[[ RECORD EXCERPTS, beginning ]]

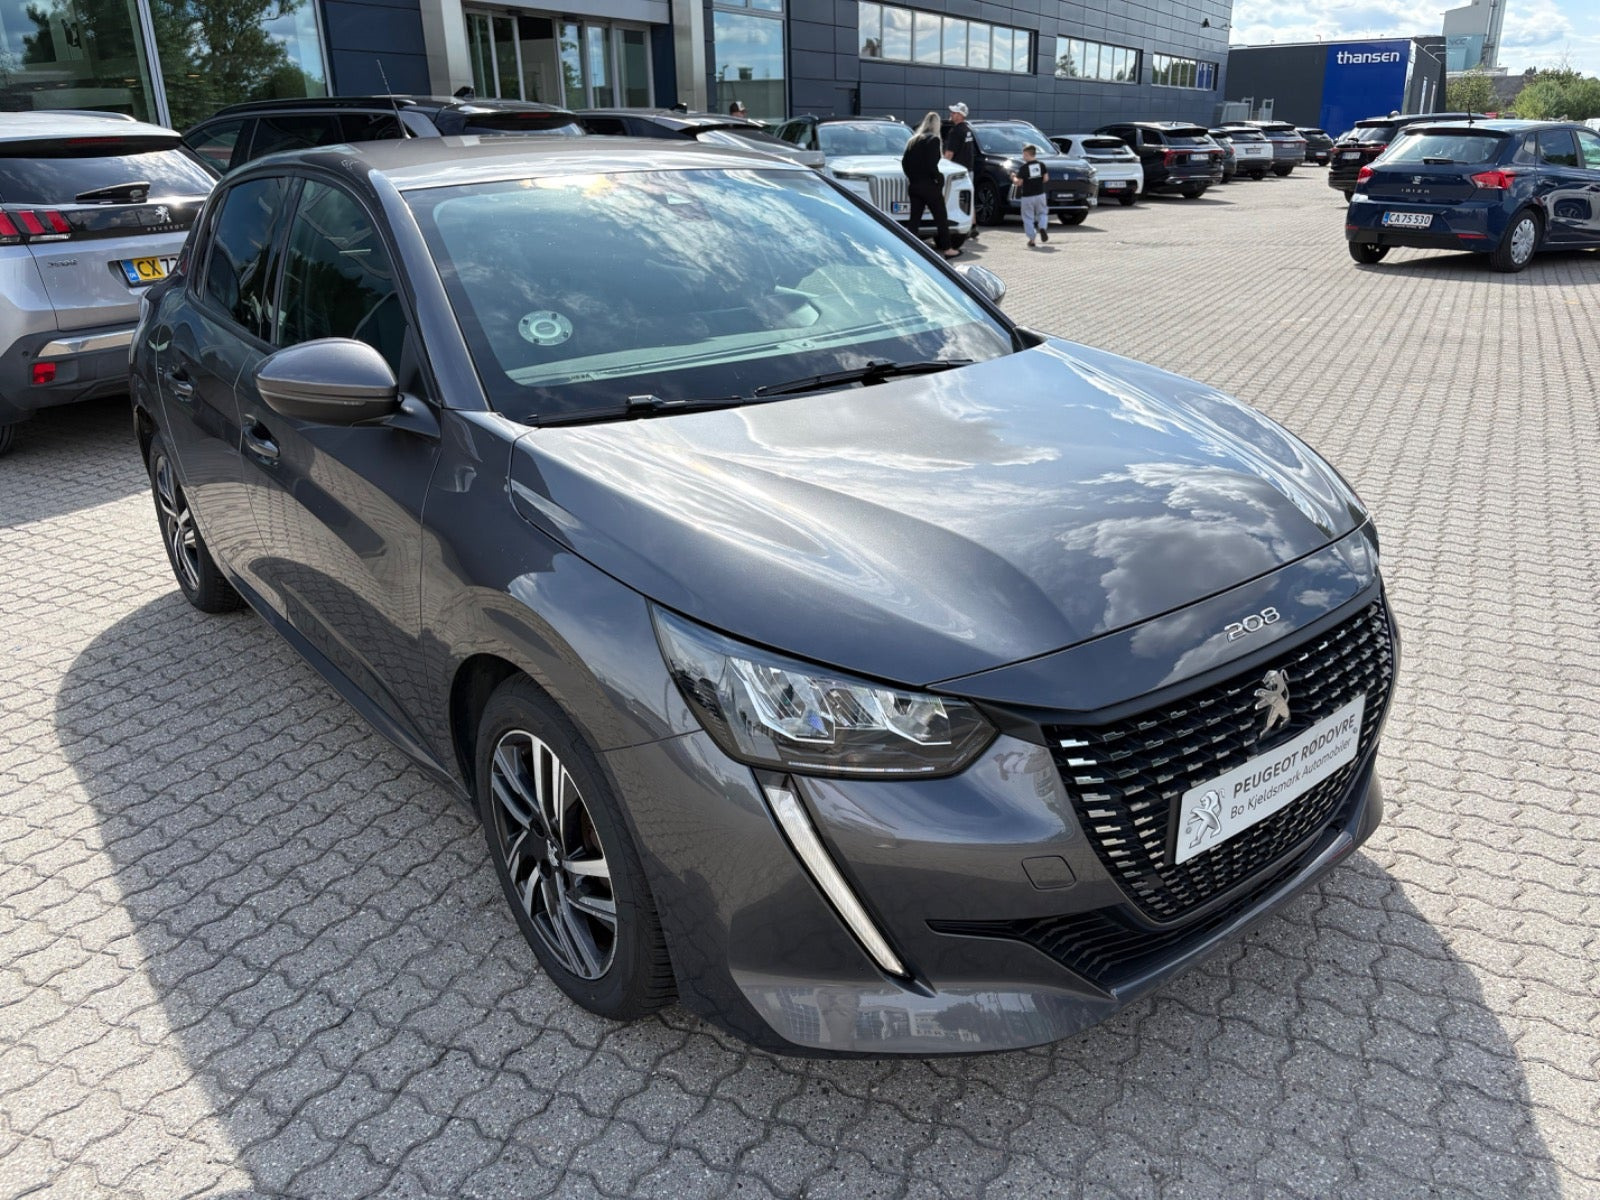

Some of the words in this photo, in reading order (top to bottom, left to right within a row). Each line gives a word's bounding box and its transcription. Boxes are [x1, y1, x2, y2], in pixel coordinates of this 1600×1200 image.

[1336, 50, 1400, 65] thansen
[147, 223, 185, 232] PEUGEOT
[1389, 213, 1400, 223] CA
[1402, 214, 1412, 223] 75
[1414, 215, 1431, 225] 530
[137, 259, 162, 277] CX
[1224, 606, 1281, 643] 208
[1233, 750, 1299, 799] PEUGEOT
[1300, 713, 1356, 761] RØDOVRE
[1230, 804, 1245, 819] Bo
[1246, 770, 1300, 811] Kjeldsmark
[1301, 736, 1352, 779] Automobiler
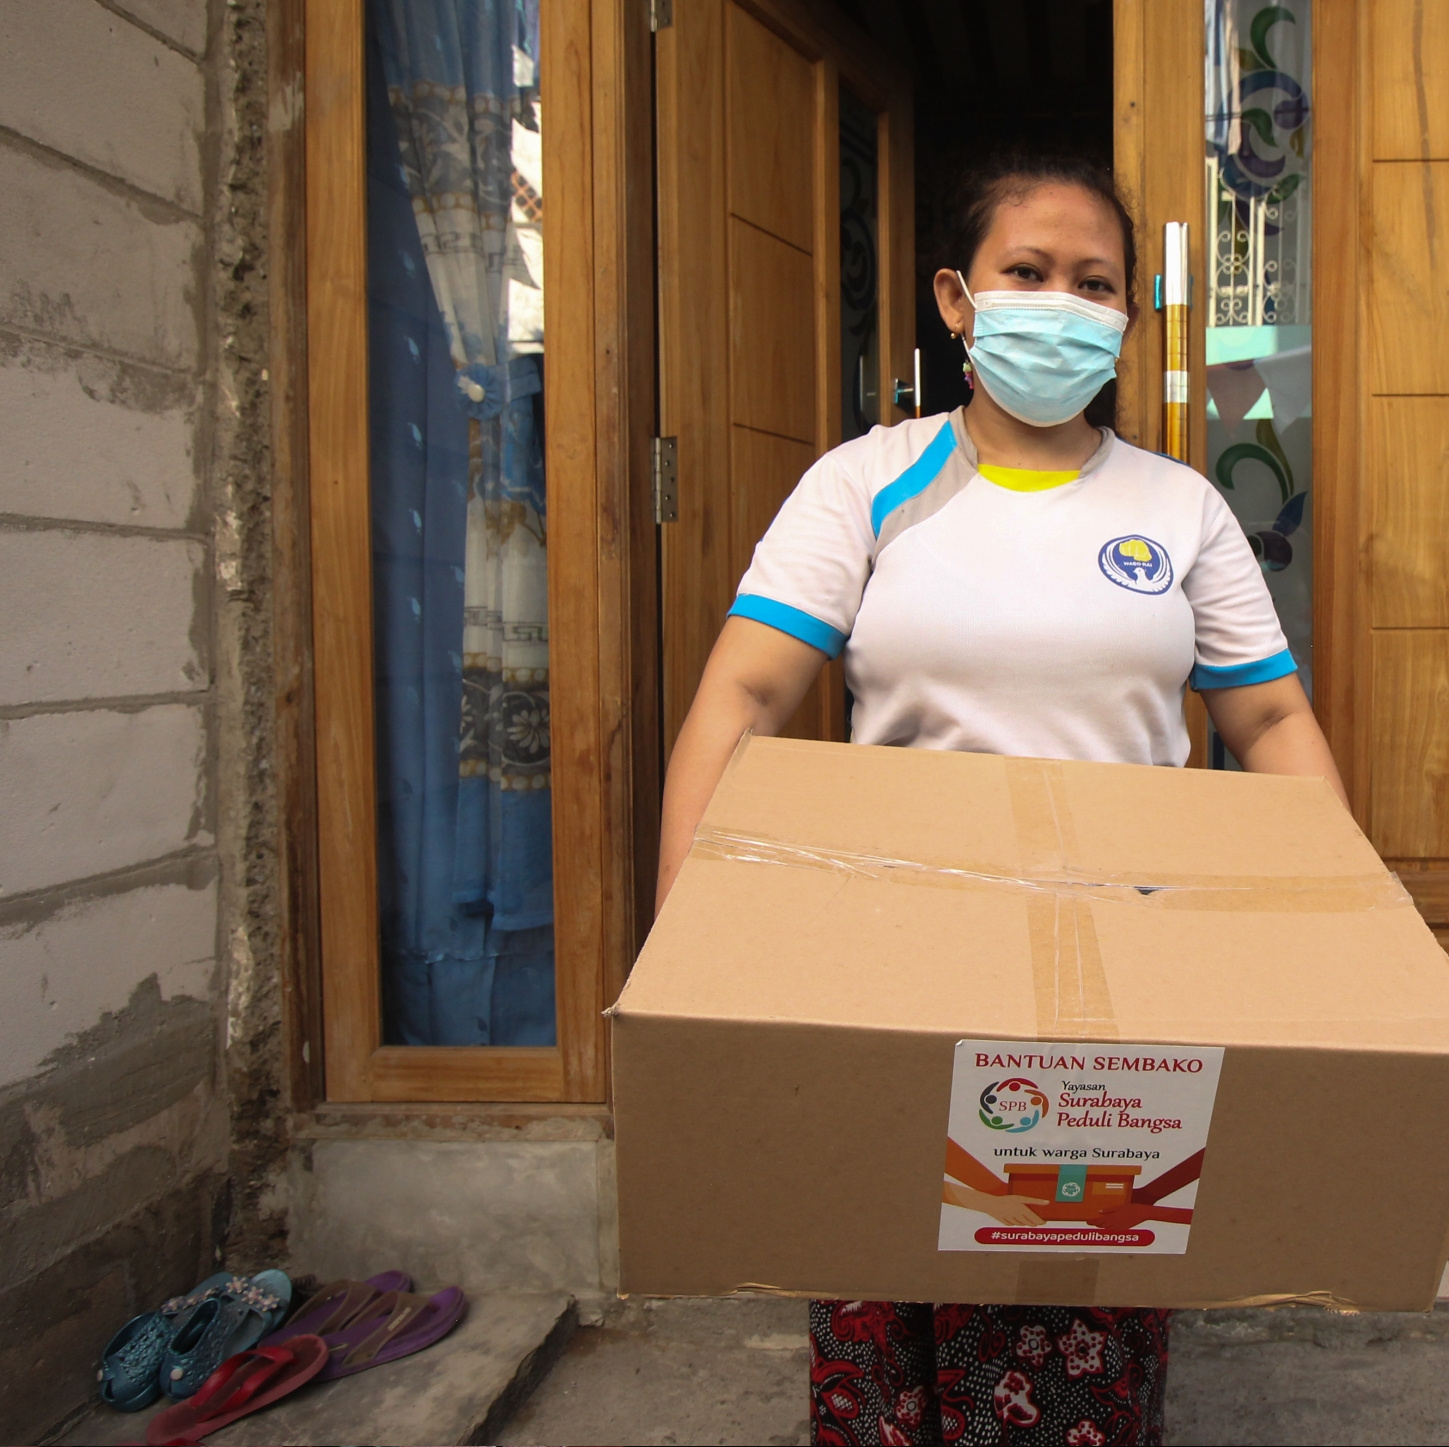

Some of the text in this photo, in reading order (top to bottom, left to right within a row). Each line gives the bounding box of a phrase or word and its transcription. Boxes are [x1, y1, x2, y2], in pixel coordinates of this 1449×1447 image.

[[ RECORD EXCERPTS, end ]]

Transcribe all of the records above character for character. Exclude the pictures.

SOLUTION FOR THIS PROBLEM:
Some of the words in this photo, in reading order (top to bottom, left to right within a row). Each line gives a word's bounding box and its transcription. Boxes are [x1, y1, x2, y2], in pixel coordinates of this 1600×1200 image.

[1336, 50, 1400, 65] thansen
[147, 223, 185, 232] PEUGEOT
[1389, 213, 1400, 223] CA
[1402, 214, 1412, 223] 75
[1414, 215, 1431, 225] 530
[137, 259, 162, 277] CX
[1224, 606, 1281, 643] 208
[1233, 750, 1299, 799] PEUGEOT
[1300, 713, 1356, 761] RØDOVRE
[1230, 804, 1245, 819] Bo
[1246, 770, 1300, 811] Kjeldsmark
[1301, 736, 1352, 779] Automobiler

Some of the text in this photo, in reading order (top to bottom, left to right within a row). Each line gives the bounding box of a phrase or word and its transcription. Boxes are [x1, y1, x2, y2], in pixel coordinates of this 1449×1447 image.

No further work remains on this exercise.